Both signals have shape (C, N) where C is the number of sets of data (usually less than 20) and N is the number of samples in each set (around 5000). The computation for each set (row) is completely independent of any other set.

I figured that this was just a simple convolution, so I tried to replace it with:

def mix2(signal1, signal2):
    outputs = np.empty_like(signal1)

    for idx, row in enumerate(outputs):
        outputs[idx] = sp.signal.convolve(signal1[idx], signal2[idx], mode='same')

    return outputs

...just to see if I got the same results. But I didn't, and my questions are:

1. Why not?
2. Is there a better way to compute the equivalent of mix1()?

(I realise that mix2 probably wouldn't have been faster as-is, but it might have been a good starting point for parallelisation.)

Here's the full script I used to quickly check this:

import numpy as np
import scipy as sp
import scipy.signal

N = 4680
C = 6

def mix1(signal1, signal2):
    spec1 = np.fft.fft(signal1, axis=1)
    spec2 = np.fft.fft(signal2, axis=1)
    return np.fft.ifft(spec1*spec2, axis=1)

def mix2(signal1, signal2):
    outputs = np.empty_like(signal1)

    for idx, row in enumerate(outputs):
        outputs[idx] = sp.signal.convolve(signal1[idx], signal2[idx], mode='same')

    return outputs

def test(num, chans):
    sig1 = np.random.randn(chans, num)
    sig2 = np.random.randn(chans, num)
    res1 = mix1(sig1, sig2)
    res2 = mix2(sig1, sig2)

    np.testing.assert_almost_equal(res1, res2)
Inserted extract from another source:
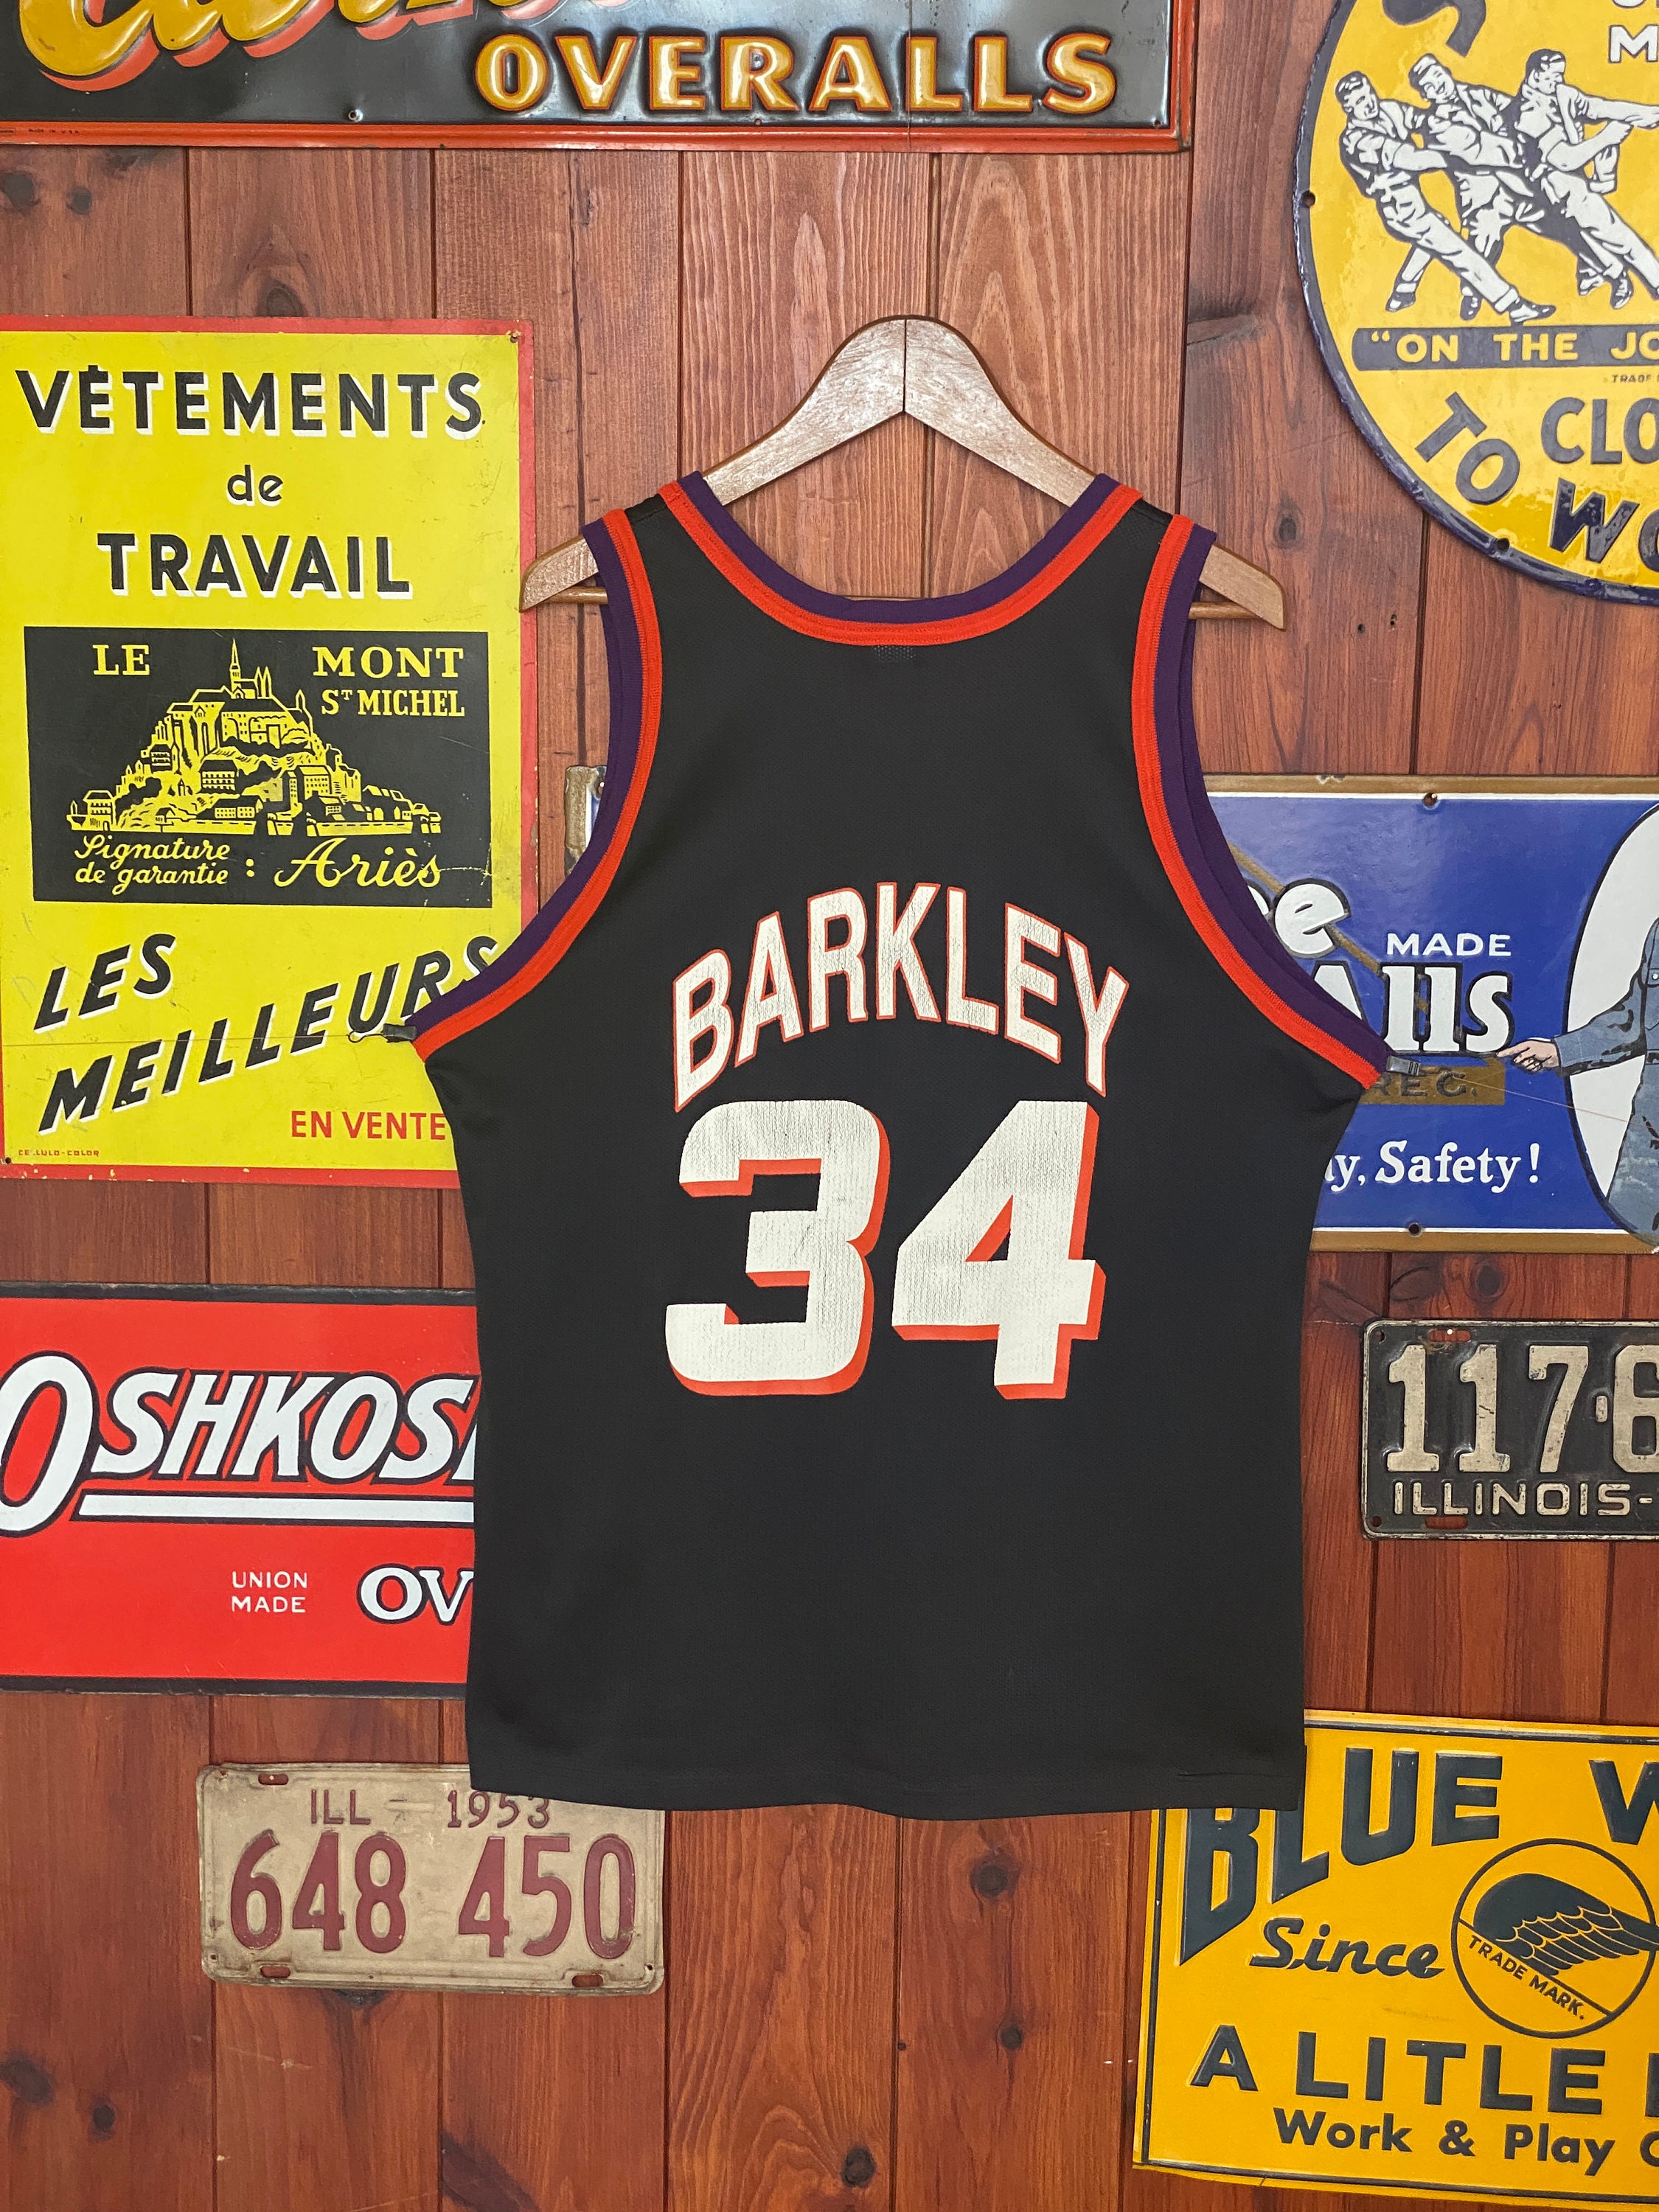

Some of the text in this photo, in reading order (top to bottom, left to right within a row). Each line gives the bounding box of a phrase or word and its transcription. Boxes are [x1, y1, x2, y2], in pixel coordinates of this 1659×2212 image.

if __name__ == "__main__":
    np.random.seed(0x1234ABCD)
    test(N, C)

Answer 1

So I tested this out and can now confirm a few things:

1) numpy.convolve is not circular, which is what the fft code is giving you:

2) FFT does not internally pad to a power of 2. Compare the vastly different speeds of the following operations:

x1 = np.random.uniform(size=2**17-1)
x2 = np.random.uniform(size=2**17)

np.fft.fft(x1)
np.fft.fft(x2)

3) Normalization is not a difference -- if you do a naive circular convolution by adding up a(k)*b(i-k), you will get the result of the FFT code.

The thing is padding to a power of 2 is going to change the answer. I've heard tales that there are ways to deal with this by cleverly using prime factors of the length (mentioned but not coded in Numerical Recipes) but I've never seen people actually do that.